# TASK REQUIREMENTS
Nothing but the lines from the one containing "this 1600×1066 image." through the end of the entries below should be set down, each exactly as written.
** MATERIAL FOR THIS TASK follows **
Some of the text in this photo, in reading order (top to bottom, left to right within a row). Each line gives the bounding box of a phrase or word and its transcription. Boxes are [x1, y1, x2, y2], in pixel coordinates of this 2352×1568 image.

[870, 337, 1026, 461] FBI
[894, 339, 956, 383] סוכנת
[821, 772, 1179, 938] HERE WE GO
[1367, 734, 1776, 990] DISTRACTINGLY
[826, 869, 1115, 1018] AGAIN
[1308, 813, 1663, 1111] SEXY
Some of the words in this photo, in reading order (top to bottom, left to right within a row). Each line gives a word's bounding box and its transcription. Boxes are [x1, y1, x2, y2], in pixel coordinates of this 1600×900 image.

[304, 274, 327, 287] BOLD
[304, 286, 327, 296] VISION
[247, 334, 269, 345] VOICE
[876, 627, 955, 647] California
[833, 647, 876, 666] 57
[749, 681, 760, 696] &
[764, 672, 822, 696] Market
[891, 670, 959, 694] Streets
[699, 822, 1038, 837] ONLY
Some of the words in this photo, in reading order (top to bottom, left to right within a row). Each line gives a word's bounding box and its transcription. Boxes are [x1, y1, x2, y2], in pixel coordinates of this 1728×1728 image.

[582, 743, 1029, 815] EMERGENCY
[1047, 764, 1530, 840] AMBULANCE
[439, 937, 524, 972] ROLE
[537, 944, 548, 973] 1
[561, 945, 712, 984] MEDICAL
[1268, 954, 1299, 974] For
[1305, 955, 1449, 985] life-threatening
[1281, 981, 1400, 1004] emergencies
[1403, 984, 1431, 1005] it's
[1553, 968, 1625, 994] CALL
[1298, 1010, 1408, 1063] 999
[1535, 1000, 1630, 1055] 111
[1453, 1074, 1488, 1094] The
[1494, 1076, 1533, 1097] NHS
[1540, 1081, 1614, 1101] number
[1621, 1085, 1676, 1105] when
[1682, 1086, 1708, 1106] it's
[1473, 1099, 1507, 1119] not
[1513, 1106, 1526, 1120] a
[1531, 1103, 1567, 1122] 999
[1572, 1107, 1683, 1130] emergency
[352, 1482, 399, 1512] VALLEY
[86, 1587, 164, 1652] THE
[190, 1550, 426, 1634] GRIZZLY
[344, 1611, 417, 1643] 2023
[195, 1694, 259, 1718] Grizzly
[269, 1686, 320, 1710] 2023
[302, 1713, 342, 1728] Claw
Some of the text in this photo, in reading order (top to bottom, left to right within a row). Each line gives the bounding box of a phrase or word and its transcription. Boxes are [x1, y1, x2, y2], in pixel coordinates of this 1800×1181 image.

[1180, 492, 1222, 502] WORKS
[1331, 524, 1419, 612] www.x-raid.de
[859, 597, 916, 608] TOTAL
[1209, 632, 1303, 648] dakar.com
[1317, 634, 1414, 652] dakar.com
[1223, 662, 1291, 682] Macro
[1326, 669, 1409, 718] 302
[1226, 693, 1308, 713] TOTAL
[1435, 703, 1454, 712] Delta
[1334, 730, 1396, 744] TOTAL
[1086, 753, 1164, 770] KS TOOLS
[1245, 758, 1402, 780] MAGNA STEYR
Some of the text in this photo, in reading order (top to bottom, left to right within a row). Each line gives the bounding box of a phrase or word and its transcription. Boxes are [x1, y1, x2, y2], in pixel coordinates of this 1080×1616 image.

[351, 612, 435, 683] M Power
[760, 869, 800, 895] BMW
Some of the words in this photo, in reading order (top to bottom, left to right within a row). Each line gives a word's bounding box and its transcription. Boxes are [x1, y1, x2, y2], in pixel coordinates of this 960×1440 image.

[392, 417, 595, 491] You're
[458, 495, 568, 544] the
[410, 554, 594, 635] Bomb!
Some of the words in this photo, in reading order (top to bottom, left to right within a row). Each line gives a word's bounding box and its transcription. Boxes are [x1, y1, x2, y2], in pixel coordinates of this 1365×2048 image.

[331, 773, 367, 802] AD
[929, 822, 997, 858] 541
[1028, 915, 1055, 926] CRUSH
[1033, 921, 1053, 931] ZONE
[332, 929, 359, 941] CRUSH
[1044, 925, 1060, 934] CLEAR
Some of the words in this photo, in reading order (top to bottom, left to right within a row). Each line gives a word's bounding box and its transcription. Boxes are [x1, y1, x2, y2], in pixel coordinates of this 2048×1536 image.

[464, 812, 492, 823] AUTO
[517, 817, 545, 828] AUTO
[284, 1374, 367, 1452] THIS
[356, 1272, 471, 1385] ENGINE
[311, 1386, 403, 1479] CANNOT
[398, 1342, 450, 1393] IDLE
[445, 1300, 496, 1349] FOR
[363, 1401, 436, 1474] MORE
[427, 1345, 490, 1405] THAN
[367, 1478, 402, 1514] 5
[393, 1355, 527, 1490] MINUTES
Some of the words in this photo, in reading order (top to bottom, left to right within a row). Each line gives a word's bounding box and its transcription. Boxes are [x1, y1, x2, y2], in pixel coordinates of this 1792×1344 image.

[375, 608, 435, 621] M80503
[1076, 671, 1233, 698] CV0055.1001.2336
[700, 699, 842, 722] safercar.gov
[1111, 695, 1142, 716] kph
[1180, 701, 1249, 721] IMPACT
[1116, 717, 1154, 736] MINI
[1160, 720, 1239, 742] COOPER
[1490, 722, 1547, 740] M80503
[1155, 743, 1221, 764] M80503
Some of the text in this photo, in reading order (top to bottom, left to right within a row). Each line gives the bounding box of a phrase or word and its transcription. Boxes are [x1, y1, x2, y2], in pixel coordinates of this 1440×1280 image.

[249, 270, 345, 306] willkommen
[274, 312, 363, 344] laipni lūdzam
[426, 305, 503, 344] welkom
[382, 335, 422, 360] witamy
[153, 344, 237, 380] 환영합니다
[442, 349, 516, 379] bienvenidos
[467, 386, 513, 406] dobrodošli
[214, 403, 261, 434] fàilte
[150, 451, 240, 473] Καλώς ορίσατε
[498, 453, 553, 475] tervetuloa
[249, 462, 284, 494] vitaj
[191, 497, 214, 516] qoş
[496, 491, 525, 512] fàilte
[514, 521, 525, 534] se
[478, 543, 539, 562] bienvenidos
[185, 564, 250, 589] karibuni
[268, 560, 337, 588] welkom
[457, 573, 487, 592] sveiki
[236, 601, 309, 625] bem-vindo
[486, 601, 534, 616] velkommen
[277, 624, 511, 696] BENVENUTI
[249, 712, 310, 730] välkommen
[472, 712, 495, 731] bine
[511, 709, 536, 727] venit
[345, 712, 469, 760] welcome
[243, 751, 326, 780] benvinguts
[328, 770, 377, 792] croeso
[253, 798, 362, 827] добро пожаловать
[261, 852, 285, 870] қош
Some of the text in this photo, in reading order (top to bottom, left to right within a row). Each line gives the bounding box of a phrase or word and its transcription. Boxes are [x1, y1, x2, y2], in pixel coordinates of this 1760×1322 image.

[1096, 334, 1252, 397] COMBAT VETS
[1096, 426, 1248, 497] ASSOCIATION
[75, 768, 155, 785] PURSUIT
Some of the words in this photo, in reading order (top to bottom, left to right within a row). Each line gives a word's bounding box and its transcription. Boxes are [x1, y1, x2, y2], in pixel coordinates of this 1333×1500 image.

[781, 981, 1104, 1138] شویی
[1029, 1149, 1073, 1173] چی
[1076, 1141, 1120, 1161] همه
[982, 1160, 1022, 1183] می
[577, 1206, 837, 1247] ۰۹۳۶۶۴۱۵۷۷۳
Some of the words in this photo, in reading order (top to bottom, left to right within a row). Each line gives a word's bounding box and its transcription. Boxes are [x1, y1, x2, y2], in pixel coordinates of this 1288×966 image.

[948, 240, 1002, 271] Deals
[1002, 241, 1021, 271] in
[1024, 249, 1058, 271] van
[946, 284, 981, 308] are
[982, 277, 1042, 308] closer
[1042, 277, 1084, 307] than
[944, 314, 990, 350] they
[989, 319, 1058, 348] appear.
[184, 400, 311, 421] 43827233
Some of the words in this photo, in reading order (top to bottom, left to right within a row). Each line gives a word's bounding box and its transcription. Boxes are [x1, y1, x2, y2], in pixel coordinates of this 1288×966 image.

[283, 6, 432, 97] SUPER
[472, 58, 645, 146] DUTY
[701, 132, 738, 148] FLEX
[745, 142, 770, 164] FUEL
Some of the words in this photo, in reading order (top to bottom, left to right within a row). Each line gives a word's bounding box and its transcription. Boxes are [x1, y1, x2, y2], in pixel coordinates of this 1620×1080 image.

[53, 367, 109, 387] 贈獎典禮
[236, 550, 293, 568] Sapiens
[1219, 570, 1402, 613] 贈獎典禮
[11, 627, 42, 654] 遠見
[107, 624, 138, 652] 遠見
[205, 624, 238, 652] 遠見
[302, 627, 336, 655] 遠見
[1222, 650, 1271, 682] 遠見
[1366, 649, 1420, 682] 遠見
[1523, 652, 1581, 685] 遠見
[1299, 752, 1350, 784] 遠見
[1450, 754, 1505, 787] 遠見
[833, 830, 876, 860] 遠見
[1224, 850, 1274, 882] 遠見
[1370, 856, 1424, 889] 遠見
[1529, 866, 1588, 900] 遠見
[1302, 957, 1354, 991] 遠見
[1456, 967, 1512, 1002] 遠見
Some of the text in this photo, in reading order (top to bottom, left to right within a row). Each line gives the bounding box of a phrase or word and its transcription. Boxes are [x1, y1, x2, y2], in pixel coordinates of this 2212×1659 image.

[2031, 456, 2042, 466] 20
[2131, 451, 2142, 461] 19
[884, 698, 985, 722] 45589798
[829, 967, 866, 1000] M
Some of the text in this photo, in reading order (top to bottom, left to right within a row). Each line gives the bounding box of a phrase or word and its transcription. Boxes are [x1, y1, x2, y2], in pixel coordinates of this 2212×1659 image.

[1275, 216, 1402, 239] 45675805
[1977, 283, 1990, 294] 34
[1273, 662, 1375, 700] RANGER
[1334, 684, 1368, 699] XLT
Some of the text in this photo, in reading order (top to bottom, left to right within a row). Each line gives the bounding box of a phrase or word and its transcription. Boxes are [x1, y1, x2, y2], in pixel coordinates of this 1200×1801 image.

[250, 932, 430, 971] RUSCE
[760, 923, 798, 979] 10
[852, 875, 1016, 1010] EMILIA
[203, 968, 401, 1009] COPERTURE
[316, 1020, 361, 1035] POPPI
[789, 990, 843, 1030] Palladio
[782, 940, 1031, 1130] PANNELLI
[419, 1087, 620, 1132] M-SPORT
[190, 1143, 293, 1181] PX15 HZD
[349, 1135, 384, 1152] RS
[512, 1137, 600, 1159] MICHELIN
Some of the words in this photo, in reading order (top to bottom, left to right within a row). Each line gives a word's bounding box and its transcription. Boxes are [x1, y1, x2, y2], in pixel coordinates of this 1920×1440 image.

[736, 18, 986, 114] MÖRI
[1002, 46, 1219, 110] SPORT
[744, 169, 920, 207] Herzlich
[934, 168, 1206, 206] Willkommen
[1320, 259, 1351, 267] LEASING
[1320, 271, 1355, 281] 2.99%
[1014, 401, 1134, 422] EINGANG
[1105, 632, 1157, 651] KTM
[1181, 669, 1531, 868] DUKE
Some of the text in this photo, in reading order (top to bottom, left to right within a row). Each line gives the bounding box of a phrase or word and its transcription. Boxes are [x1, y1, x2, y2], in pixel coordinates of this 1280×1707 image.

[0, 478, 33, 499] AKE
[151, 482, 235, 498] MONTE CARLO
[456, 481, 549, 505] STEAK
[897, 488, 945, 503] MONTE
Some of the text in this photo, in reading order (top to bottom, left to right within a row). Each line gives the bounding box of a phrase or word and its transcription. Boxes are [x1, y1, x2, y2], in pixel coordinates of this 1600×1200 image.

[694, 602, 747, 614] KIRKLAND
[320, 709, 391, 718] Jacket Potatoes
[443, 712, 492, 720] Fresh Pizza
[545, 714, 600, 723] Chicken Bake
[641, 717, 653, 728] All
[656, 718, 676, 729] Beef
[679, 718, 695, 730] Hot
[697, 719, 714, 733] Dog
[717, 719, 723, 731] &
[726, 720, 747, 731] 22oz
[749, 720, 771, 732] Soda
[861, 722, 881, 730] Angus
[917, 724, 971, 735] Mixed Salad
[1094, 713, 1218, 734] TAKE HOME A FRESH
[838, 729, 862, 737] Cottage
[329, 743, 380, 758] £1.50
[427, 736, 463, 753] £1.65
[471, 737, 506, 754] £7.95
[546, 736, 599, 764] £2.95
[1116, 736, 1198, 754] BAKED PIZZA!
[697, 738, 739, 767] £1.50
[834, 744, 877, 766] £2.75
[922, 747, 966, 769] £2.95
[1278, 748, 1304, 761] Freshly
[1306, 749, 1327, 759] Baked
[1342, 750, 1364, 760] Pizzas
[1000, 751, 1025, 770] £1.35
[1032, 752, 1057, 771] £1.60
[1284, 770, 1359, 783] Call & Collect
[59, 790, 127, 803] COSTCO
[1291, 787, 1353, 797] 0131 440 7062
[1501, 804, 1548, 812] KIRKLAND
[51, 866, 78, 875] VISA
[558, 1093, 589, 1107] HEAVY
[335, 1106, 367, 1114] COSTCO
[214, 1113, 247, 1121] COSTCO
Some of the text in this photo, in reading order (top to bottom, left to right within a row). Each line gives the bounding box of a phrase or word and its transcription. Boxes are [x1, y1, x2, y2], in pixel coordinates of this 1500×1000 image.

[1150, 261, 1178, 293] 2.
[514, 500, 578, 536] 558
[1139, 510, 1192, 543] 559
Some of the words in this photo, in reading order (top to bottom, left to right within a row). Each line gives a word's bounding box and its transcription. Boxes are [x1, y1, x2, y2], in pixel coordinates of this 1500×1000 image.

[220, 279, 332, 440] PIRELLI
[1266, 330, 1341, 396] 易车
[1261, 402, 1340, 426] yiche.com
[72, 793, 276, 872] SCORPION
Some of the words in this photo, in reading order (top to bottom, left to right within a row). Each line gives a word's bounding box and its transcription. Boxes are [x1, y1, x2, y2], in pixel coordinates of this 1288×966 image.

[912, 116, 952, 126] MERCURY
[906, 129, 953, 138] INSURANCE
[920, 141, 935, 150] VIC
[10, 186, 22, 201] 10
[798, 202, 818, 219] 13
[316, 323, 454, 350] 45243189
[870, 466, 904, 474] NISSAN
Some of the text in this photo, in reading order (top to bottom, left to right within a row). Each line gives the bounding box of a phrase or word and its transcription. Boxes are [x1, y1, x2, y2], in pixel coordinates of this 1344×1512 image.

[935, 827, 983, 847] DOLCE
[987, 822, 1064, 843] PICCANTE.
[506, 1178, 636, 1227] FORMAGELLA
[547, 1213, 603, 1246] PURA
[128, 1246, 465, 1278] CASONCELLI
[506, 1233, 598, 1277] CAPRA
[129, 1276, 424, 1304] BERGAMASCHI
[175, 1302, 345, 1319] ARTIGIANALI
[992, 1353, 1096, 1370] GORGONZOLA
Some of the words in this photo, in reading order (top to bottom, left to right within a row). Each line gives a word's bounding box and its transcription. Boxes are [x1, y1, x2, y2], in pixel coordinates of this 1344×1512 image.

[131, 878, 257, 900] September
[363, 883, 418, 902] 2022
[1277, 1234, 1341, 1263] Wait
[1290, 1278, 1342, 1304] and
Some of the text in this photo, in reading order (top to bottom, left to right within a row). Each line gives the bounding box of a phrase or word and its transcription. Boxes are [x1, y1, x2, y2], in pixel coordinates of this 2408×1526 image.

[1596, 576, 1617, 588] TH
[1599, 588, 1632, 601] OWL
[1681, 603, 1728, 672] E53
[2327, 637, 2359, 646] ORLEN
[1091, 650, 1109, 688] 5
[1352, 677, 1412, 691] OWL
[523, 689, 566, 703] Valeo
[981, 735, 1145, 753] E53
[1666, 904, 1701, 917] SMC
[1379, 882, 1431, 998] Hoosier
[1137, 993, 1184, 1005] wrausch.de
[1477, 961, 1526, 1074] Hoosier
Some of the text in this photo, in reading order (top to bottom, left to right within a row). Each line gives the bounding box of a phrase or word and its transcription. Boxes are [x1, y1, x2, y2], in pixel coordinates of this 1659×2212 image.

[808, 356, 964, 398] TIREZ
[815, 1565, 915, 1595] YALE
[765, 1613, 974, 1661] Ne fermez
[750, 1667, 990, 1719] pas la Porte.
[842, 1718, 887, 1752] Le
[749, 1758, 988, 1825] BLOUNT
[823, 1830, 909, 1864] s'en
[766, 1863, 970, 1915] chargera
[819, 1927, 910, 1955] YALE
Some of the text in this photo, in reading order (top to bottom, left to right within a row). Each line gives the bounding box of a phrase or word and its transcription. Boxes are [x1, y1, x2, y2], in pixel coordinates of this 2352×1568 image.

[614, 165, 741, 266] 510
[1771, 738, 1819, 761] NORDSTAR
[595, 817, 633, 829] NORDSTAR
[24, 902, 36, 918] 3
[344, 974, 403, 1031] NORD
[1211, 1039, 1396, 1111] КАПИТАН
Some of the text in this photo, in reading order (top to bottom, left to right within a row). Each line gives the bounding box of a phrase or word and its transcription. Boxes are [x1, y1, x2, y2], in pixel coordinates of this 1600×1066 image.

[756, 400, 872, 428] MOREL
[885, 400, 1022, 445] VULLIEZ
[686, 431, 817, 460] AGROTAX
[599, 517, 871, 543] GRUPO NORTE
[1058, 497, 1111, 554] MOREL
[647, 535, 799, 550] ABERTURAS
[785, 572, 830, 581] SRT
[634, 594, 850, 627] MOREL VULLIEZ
** End of MATERIAL FOR THIS TASK **
# SOLUTION FOR THIS PROBLEM
Some of the text in this photo, in reading order (top to bottom, left to right within a row). Each line gives the bounding box of a phrase or word and its transcription. Boxes are [x1, y1, x2, y2], in pixel coordinates of this 1600×1066 image.

[756, 400, 872, 428] MOREL
[885, 400, 1022, 445] VULLIEZ
[686, 431, 817, 460] AGROTAX
[599, 517, 871, 543] GRUPO NORTE
[1058, 497, 1111, 554] MOREL
[647, 535, 799, 550] ABERTURAS
[785, 572, 830, 581] SRT
[634, 594, 850, 627] MOREL VULLIEZ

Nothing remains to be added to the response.